── SOURCE DATA ──

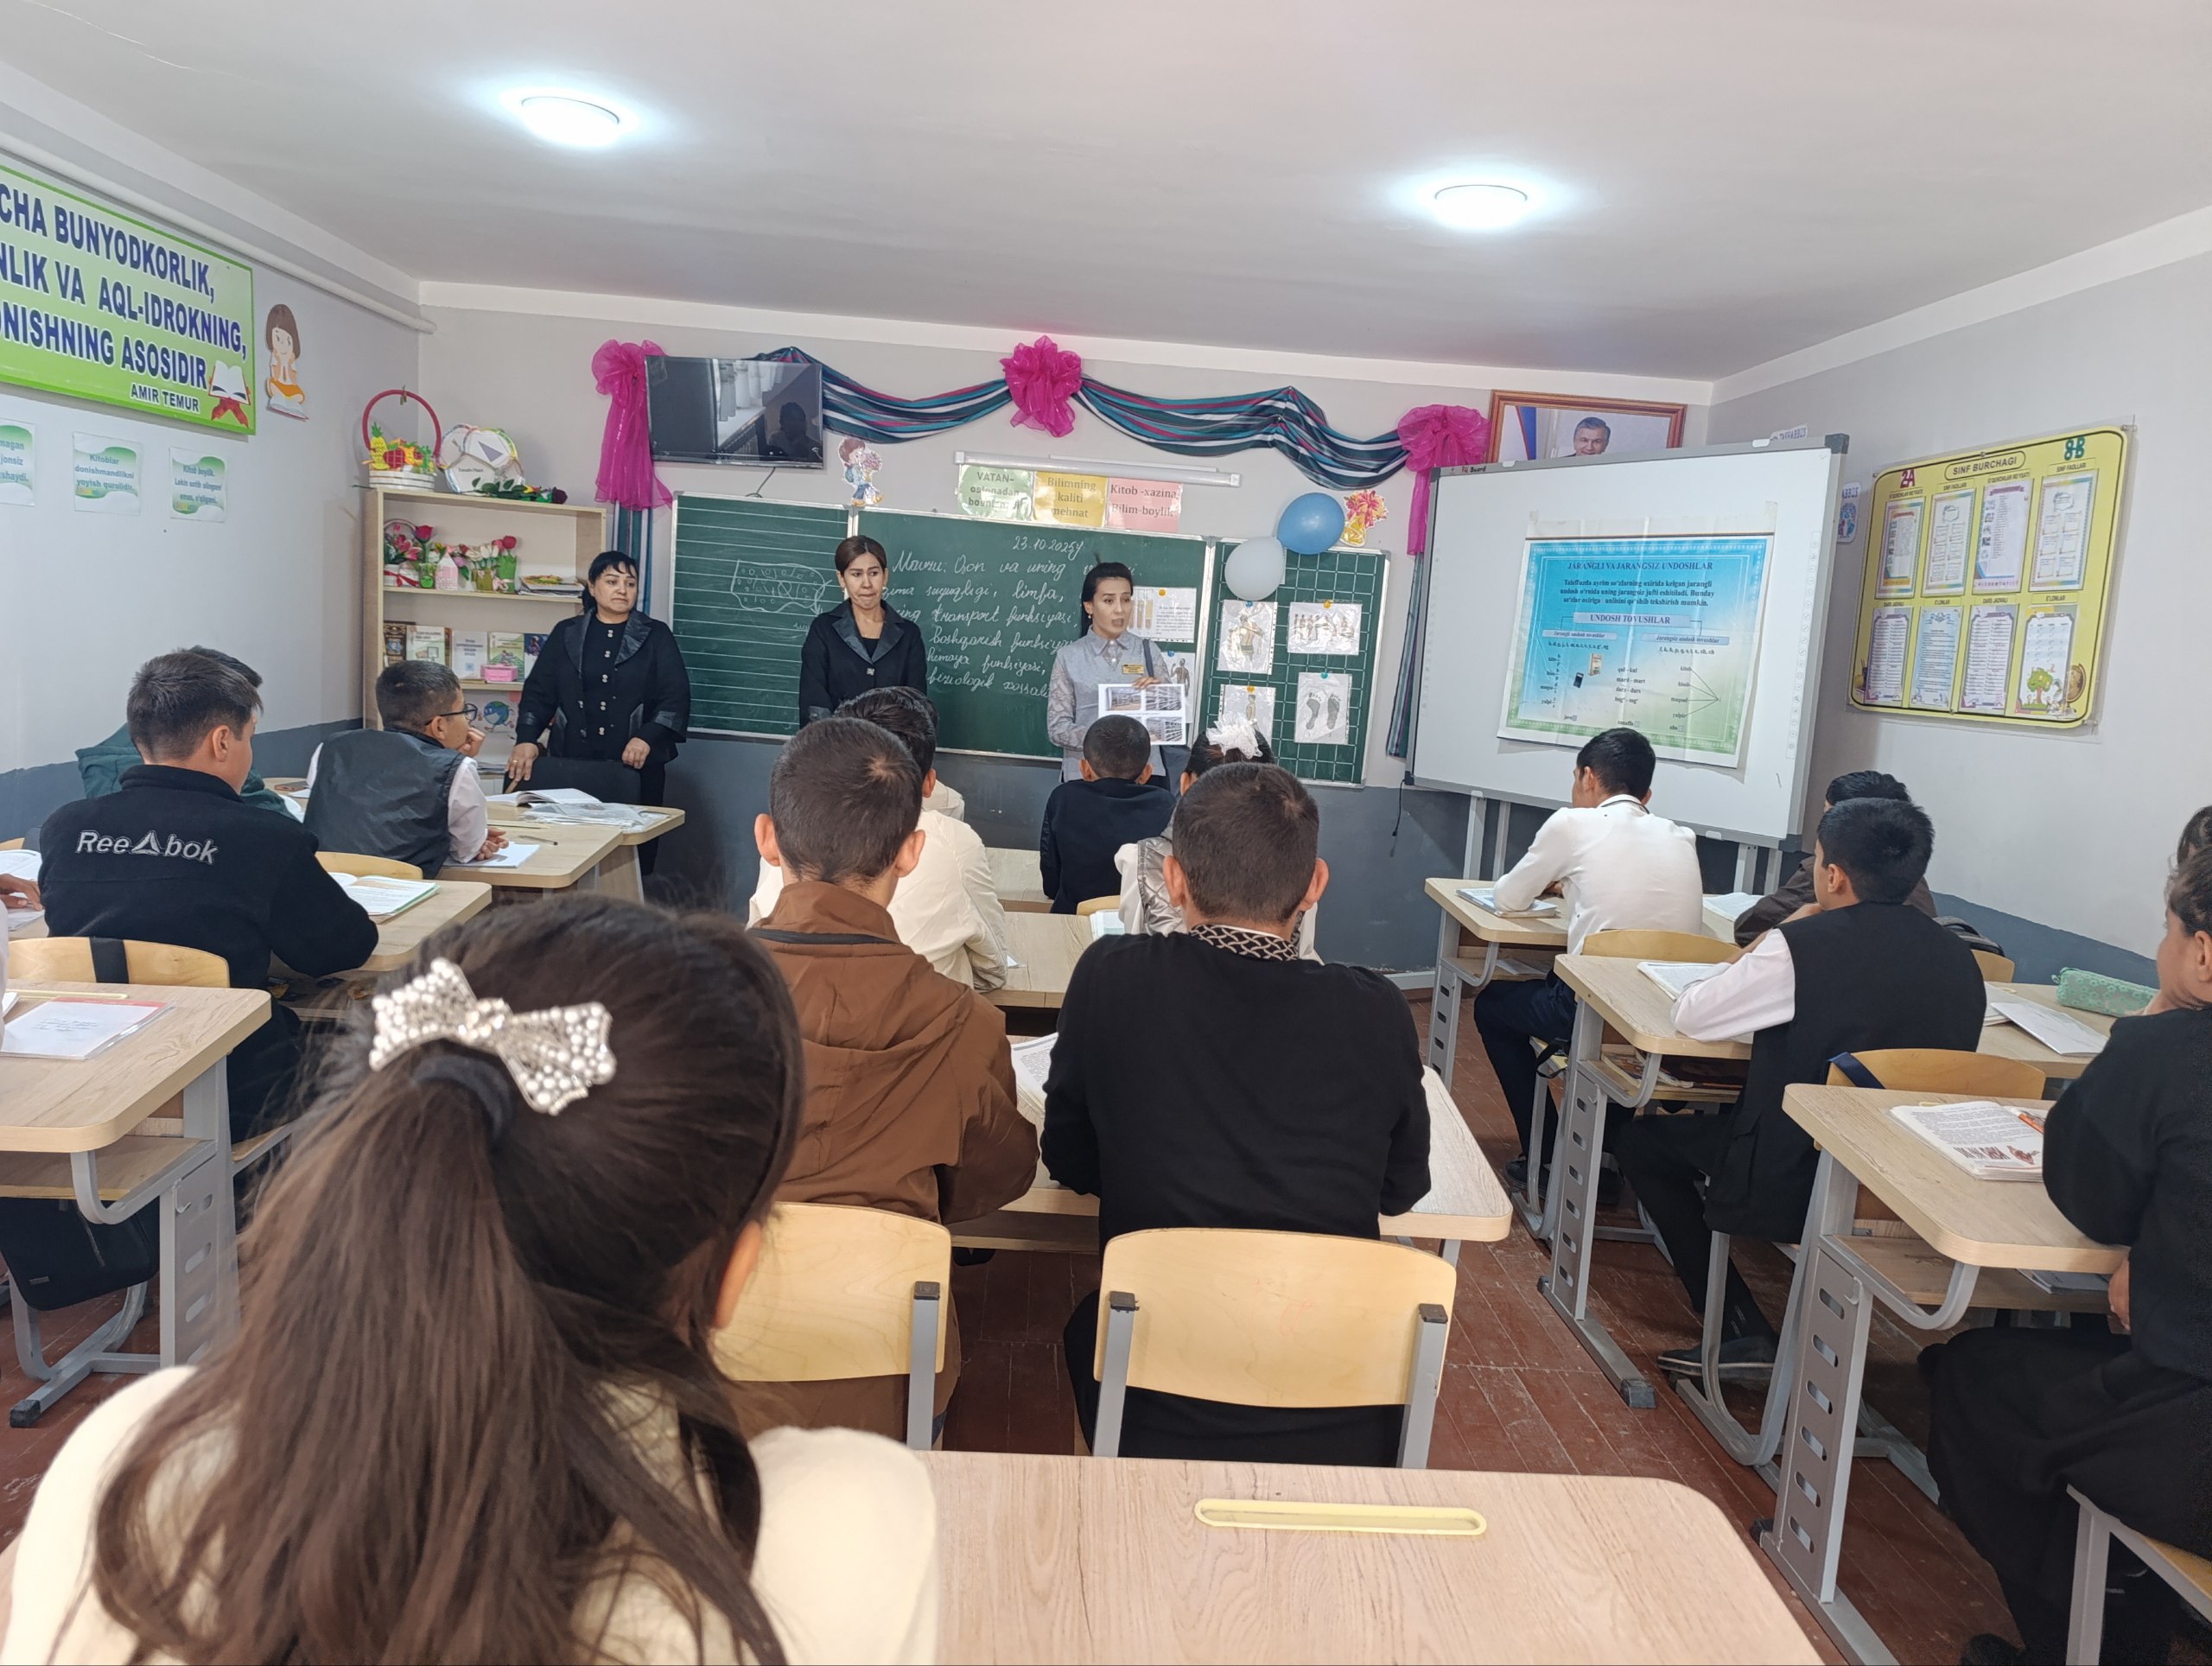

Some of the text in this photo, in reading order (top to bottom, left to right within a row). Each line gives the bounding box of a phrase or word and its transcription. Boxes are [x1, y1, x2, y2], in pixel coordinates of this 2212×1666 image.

[54, 205, 214, 304] BUNYODKORLIK,
[54, 260, 86, 305] VA
[99, 277, 247, 360] AQL-IDROKNING,
[121, 336, 207, 390] ASOSIDIR
[130, 384, 200, 412] AMIR TEMUR
[1952, 456, 2018, 476] SINF BURCHAGI
[977, 471, 1014, 483] VATAN-
[1900, 469, 1916, 489] 2A
[1047, 476, 1096, 492] Bilimning
[1110, 484, 1138, 495] Kitob
[1058, 491, 1084, 503] kaliti
[1051, 506, 1089, 518] mehnat
[999, 562, 1020, 573] va
[1567, 562, 1605, 570] JARANGLI
[1616, 562, 1661, 570] JARANGSIZ
[1662, 562, 1713, 570] UNDOSHLAR
[1687, 580, 1713, 589] jarangli
[1690, 589, 1715, 599] Bunday
[931, 603, 1000, 626] transport
[1590, 614, 1671, 625] UNDOSH TOVUSHLAR
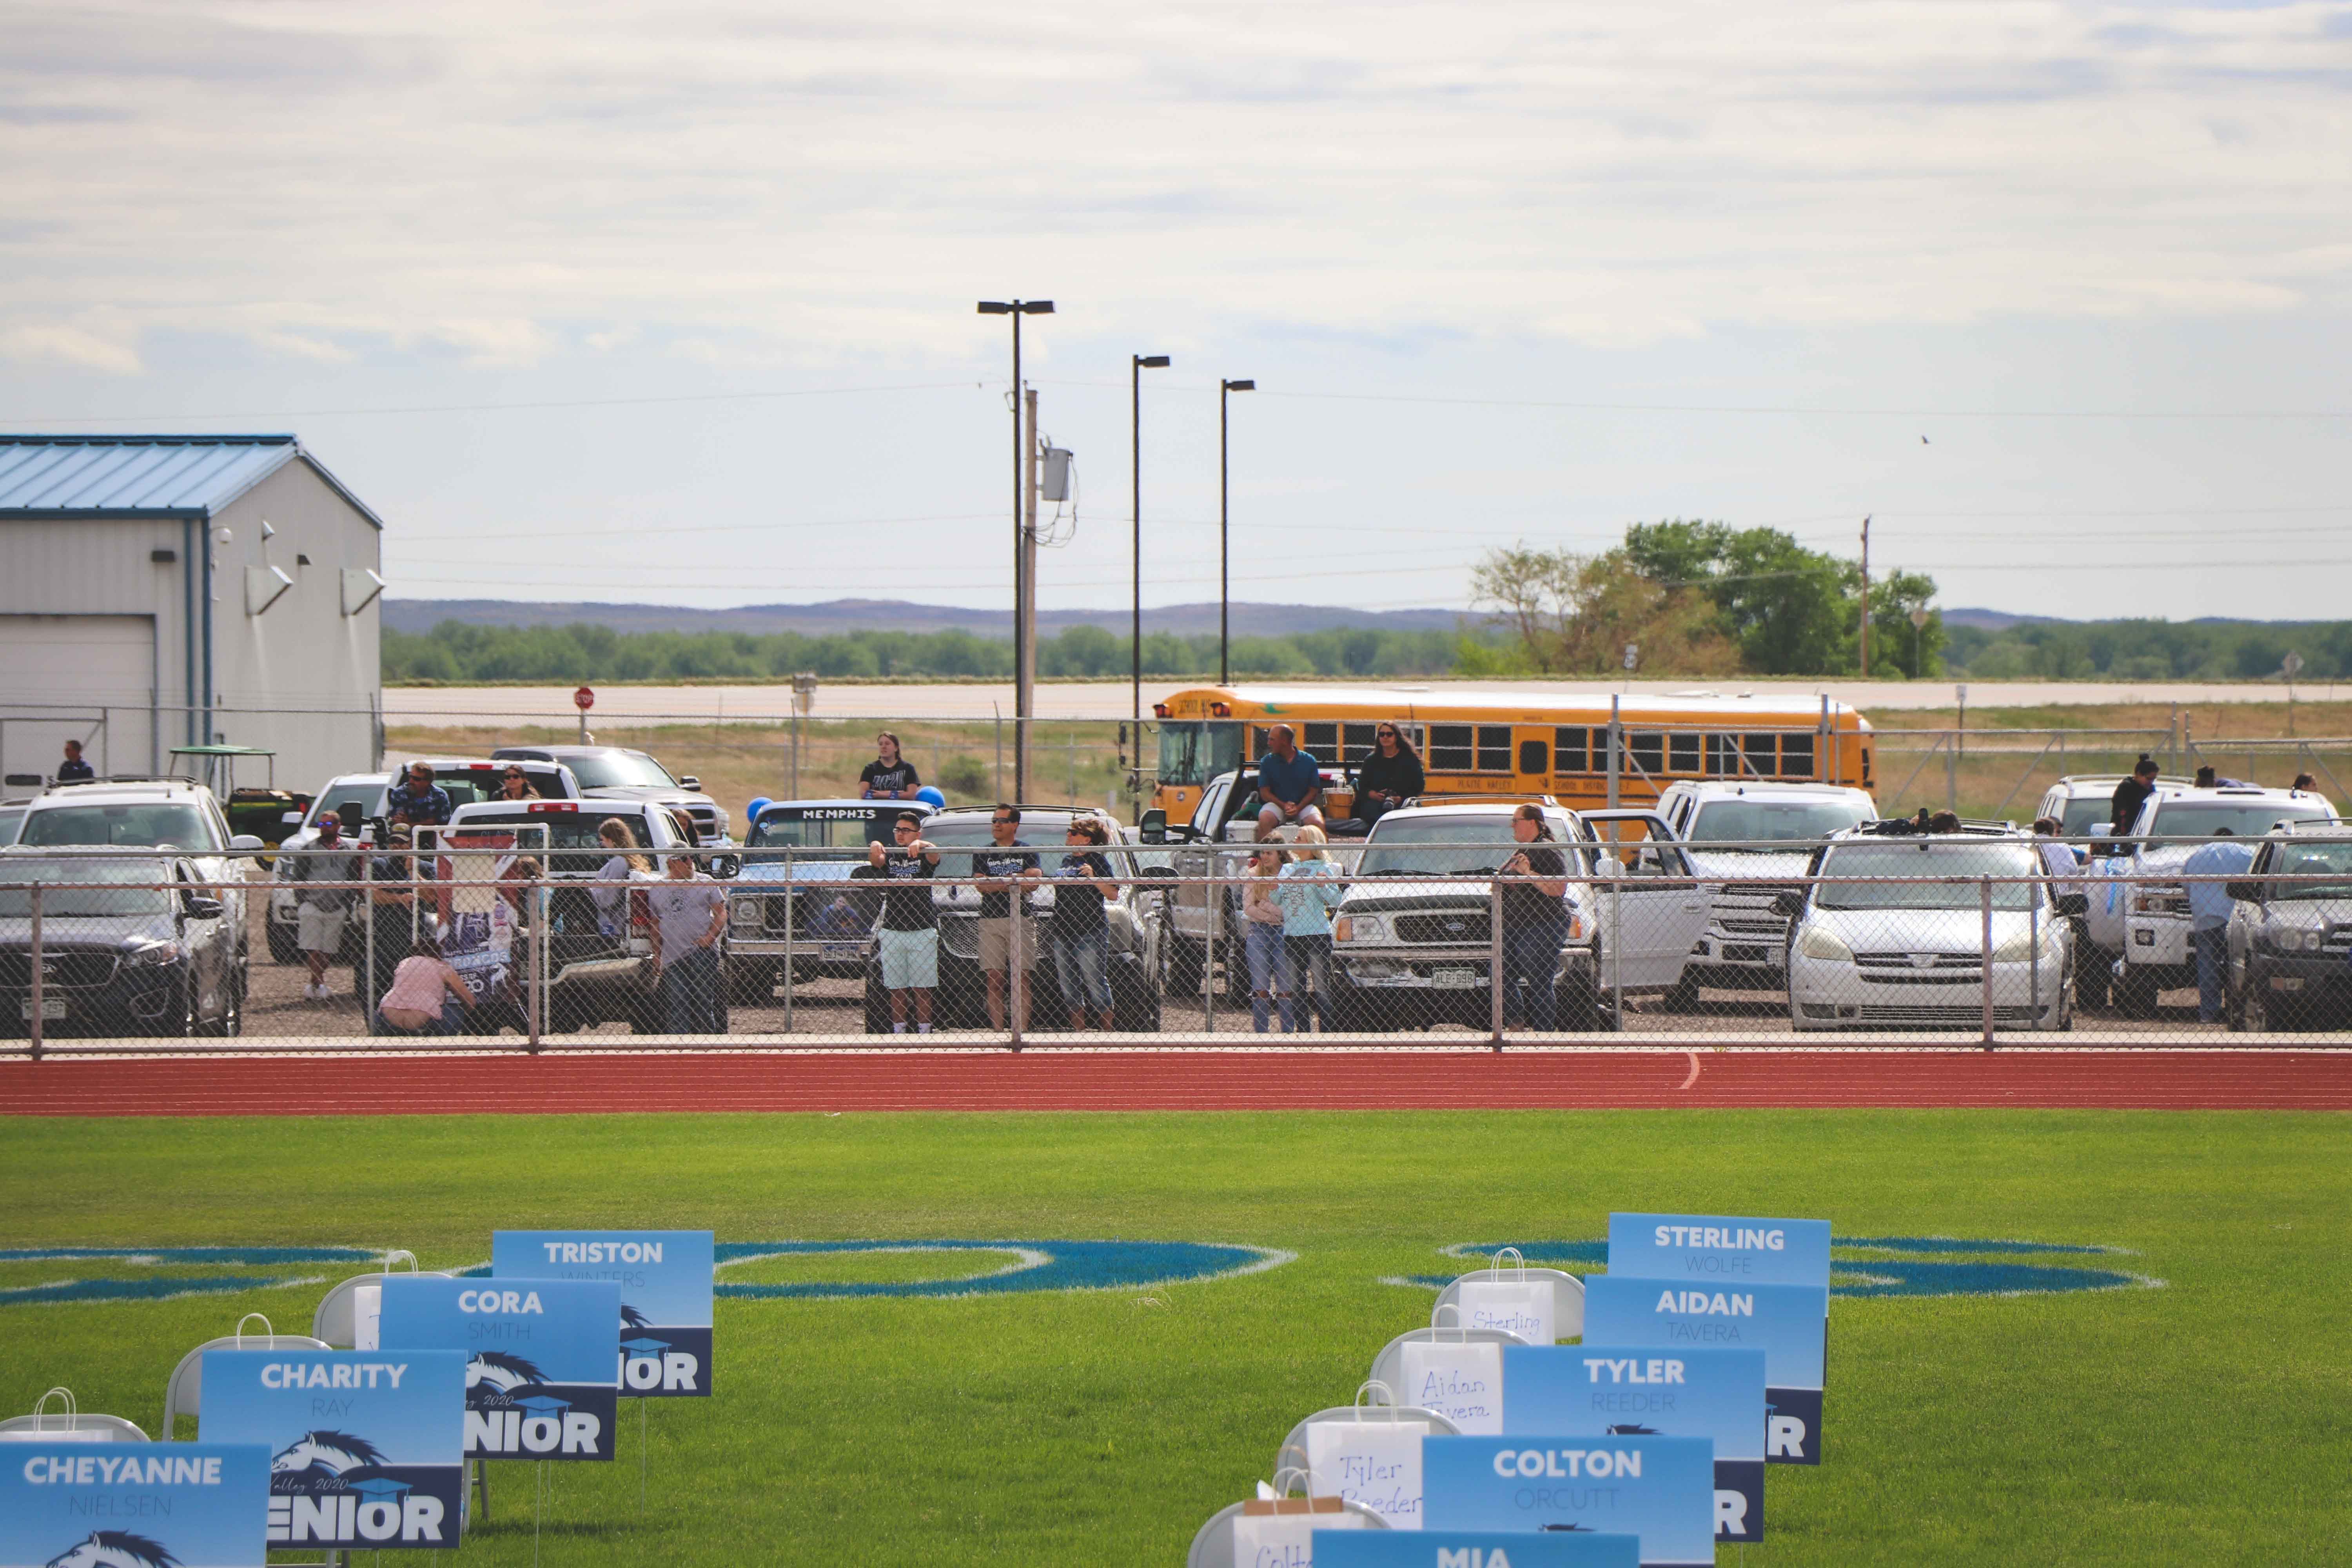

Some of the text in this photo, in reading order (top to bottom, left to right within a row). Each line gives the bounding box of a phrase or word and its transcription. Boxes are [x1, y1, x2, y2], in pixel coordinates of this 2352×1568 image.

───

INSTRUCTIONS FOR THE TASK => The data is to be restated word for word, with any pictures set aside.

WRITTEN REPLY =>
Some of the text in this photo, in reading order (top to bottom, left to right within a row). Each line gives the bounding box of a phrase or word and its transcription. Boxes are [x1, y1, x2, y2], in pixel coordinates of this 2212×1666 image.

[54, 205, 214, 304] BUNYODKORLIK,
[54, 260, 86, 305] VA
[99, 277, 247, 360] AQL-IDROKNING,
[121, 336, 207, 390] ASOSIDIR
[130, 384, 200, 412] AMIR TEMUR
[1952, 456, 2018, 476] SINF BURCHAGI
[977, 471, 1014, 483] VATAN-
[1900, 469, 1916, 489] 2A
[1047, 476, 1096, 492] Bilimning
[1110, 484, 1138, 495] Kitob
[1058, 491, 1084, 503] kaliti
[1051, 506, 1089, 518] mehnat
[999, 562, 1020, 573] va
[1567, 562, 1605, 570] JARANGLI
[1616, 562, 1661, 570] JARANGSIZ
[1662, 562, 1713, 570] UNDOSHLAR
[1687, 580, 1713, 589] jarangli
[1690, 589, 1715, 599] Bunday
[931, 603, 1000, 626] transport
[1590, 614, 1671, 625] UNDOSH TOVUSHLAR

Some of the text in this photo, in reading order (top to bottom, left to right within a row). Each line gives the bounding box of a phrase or word and its transcription. Boxes are [x1, y1, x2, y2], in pixel coordinates of this 2352×1568 image.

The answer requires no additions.